I think there are some people here that understand cars so I'll ask this question here... I've checked a few sites online, asked some ppl around, nobody seems to really know the exact difference between the two (torque v. horsepower)... is there a clear definition that can define them? the dictionary says - torque is twisting force. horsepower is how much a horse can pull... (something like that) that doesn't help. My guess is torque defines acceleration, and horsepower defines max speed... would this be correct? Thanks.
From what I understand HP is the amount of raw power the engine will produce, while torque is the measure of the total force that spins the wheels. So 2 identical engines producing producing 300HP, in different cars, will produce different amounts of torque. Factors such as weight, traction ,wheel base etc... will cause these variations. P.S. I think
Not a car person, but torque is the bit that defines how much your horsepower can do in terms of dragging stuff, doing the "big" work of trucks, industrial machinery, and effectively using horsepower through a given rpm range. Torque is why some hotted up cars tear their diffs off, why funnycars "bounce" a little when taking off, and why tiger moths turn very fast in one direction and not the other. Yeah, i dont think your far off, torque is a description of how "weighted " your horsepower is i suppose, how much "work" the horsepower can do, in terms of applying that grunt to the ground if you like. Suberbikes, F1cars, have tonnes of horsepower (lots of torque too) but id like to see them towing a trailer full of cement, in first gear, up a 35% gradient. Your average farm tractor could do that no probs, probably at close to idle, the other examples not so effectively.

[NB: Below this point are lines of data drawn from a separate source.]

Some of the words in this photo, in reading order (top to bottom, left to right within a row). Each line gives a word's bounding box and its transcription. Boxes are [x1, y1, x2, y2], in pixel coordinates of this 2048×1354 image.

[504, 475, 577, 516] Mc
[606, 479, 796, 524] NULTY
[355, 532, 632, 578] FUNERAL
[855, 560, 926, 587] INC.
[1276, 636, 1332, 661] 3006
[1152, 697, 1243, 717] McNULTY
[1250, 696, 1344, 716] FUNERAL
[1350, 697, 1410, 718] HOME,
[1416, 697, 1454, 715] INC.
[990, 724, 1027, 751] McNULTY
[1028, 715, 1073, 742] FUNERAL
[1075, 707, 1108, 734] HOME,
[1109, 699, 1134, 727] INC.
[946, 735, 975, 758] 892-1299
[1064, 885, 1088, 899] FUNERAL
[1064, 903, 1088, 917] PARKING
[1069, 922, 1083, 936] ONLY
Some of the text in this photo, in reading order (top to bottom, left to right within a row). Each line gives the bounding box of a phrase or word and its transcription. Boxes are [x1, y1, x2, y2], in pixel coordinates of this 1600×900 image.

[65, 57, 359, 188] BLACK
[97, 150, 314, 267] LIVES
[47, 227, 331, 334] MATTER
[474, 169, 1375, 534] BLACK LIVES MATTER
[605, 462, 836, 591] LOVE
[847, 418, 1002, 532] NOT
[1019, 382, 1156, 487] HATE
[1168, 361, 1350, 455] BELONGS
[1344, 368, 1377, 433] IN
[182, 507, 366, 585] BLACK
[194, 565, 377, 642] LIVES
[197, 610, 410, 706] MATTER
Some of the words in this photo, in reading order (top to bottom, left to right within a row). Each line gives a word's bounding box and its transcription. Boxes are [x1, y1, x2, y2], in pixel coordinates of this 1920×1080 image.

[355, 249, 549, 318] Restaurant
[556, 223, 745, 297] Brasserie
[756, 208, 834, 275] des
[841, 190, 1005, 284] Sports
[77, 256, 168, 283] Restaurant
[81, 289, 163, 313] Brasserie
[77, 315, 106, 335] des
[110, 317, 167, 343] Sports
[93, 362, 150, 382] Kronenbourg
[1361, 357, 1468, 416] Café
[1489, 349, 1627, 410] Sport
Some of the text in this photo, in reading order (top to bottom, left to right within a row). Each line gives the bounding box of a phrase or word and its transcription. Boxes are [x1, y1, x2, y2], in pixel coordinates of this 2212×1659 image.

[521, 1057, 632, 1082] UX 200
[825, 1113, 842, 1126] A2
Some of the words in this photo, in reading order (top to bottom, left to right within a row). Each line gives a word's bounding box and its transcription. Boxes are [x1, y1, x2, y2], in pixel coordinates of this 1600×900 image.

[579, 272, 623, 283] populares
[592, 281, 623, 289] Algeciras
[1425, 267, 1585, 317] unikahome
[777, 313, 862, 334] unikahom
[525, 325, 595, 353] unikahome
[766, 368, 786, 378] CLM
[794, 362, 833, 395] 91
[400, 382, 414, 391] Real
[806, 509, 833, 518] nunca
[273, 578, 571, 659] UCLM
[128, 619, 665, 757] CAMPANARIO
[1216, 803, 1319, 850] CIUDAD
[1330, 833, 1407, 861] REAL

http://www.allpar.com/eek/hp-vs-torque.html http://vettenet.org/torquehp.html horsepower = torque x RPM/5252 OR torque = horsepower x 5252/RPM
http://en.wikipedia.org/wiki/Torque Relationship between torque and power If a force is allowed to act through a distance, it is doing mechanical work. Similarly, if torque is allowed to act through a rotational distance, it is doing work. Power is the work per unit time. However, time and rotational distance are related by the angular speed where each revolution results in the circumference of the circle being travelled by the force that is generating the torque. This means that torque that is causing the angular speed to increase is doing work and the generated power may be calculated as: POWER = TORQUE X ANGULAR SPEED Mathematically, the equation may be rearranged to compute torque for a given power output. However in practice there is no direct way to measure power whereas torque and angular speed can be measured directly.
Here's a good comparison I just thought up - a weed-whacker vs. a log splitter. A weed whacker needs to spin fast, but doesn't need much "muscle" behind that fast spin - weeds aren't that tough. Therefore one uses a high torque low HP engine. You don't want a fast-moving log splitter cuz you'll get some nasty injuries, but you do need a lot of muscle in the engine - so you use a low torque but high HP engine.
What you want is a constant torque at any RPM. Try Nissan "Maxima", I belive its engine won best engine award 10 or more years in a row. You never have to step on it to fill the mussel. All you fill is pure mussel at all the time.